══ Records for this exercise

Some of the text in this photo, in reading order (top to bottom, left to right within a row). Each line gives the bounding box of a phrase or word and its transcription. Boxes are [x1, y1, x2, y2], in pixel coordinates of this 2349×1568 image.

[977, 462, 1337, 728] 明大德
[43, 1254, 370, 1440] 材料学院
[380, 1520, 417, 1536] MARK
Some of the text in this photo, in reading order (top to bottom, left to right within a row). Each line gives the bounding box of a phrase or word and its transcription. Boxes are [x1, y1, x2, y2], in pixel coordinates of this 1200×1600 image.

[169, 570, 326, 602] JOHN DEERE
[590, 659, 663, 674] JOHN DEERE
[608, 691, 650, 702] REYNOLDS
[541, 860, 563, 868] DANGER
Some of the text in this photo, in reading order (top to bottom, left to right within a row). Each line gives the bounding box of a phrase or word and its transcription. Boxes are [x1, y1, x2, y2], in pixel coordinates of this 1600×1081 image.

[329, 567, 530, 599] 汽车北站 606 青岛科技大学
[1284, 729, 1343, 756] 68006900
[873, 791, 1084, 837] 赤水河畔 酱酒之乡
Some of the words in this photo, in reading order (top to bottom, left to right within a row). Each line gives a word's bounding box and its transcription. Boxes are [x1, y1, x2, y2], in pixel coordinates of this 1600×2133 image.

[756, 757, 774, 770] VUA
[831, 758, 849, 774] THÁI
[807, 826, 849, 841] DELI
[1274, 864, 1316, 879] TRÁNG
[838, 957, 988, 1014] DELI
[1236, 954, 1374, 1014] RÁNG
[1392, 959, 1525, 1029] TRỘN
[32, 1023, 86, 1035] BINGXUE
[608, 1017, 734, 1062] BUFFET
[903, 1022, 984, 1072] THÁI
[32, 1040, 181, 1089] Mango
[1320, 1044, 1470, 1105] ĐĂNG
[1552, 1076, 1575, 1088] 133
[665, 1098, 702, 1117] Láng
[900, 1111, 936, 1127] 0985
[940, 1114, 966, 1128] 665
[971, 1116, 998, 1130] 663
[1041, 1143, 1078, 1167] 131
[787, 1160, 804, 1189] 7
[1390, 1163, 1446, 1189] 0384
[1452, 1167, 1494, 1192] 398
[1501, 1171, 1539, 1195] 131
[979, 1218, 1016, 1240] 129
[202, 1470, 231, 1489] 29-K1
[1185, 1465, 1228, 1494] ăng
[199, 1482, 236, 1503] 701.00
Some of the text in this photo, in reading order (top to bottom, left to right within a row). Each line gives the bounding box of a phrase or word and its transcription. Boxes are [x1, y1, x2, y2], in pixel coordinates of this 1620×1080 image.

════

◆ Exercise brief ◆
Return every record above exactly as written.

◆ Reply to the task ◆
Some of the text in this photo, in reading order (top to bottom, left to right within a row). Each line gives the bounding box of a phrase or word and its transcription. Boxes are [x1, y1, x2, y2], in pixel coordinates of this 2349×1568 image.

[977, 462, 1337, 728] 明大德
[43, 1254, 370, 1440] 材料学院
[380, 1520, 417, 1536] MARK
Some of the text in this photo, in reading order (top to bottom, left to right within a row). Each line gives the bounding box of a phrase or word and its transcription. Boxes are [x1, y1, x2, y2], in pixel coordinates of this 1200×1600 image.

[169, 570, 326, 602] JOHN DEERE
[590, 659, 663, 674] JOHN DEERE
[608, 691, 650, 702] REYNOLDS
[541, 860, 563, 868] DANGER
Some of the text in this photo, in reading order (top to bottom, left to right within a row). Each line gives the bounding box of a phrase or word and its transcription. Boxes are [x1, y1, x2, y2], in pixel coordinates of this 1600×1081 image.

[329, 567, 530, 599] 汽车北站 606 青岛科技大学
[1284, 729, 1343, 756] 68006900
[873, 791, 1084, 837] 赤水河畔 酱酒之乡
Some of the words in this photo, in reading order (top to bottom, left to right within a row). Each line gives a word's bounding box and its transcription. Boxes are [x1, y1, x2, y2], in pixel coordinates of this 1600×2133 image.

[756, 757, 774, 770] VUA
[831, 758, 849, 774] THÁI
[807, 826, 849, 841] DELI
[1274, 864, 1316, 879] TRÁNG
[838, 957, 988, 1014] DELI
[1236, 954, 1374, 1014] RÁNG
[1392, 959, 1525, 1029] TRỘN
[32, 1023, 86, 1035] BINGXUE
[608, 1017, 734, 1062] BUFFET
[903, 1022, 984, 1072] THÁI
[32, 1040, 181, 1089] Mango
[1320, 1044, 1470, 1105] ĐĂNG
[1552, 1076, 1575, 1088] 133
[665, 1098, 702, 1117] Láng
[900, 1111, 936, 1127] 0985
[940, 1114, 966, 1128] 665
[971, 1116, 998, 1130] 663
[1041, 1143, 1078, 1167] 131
[787, 1160, 804, 1189] 7
[1390, 1163, 1446, 1189] 0384
[1452, 1167, 1494, 1192] 398
[1501, 1171, 1539, 1195] 131
[979, 1218, 1016, 1240] 129
[202, 1470, 231, 1489] 29-K1
[1185, 1465, 1228, 1494] ăng
[199, 1482, 236, 1503] 701.00
Some of the text in this photo, in reading order (top to bottom, left to right within a row). Each line gives the bounding box of a phrase or word and its transcription. Boxes are [x1, y1, x2, y2], in pixel coordinates of this 1620×1080 image.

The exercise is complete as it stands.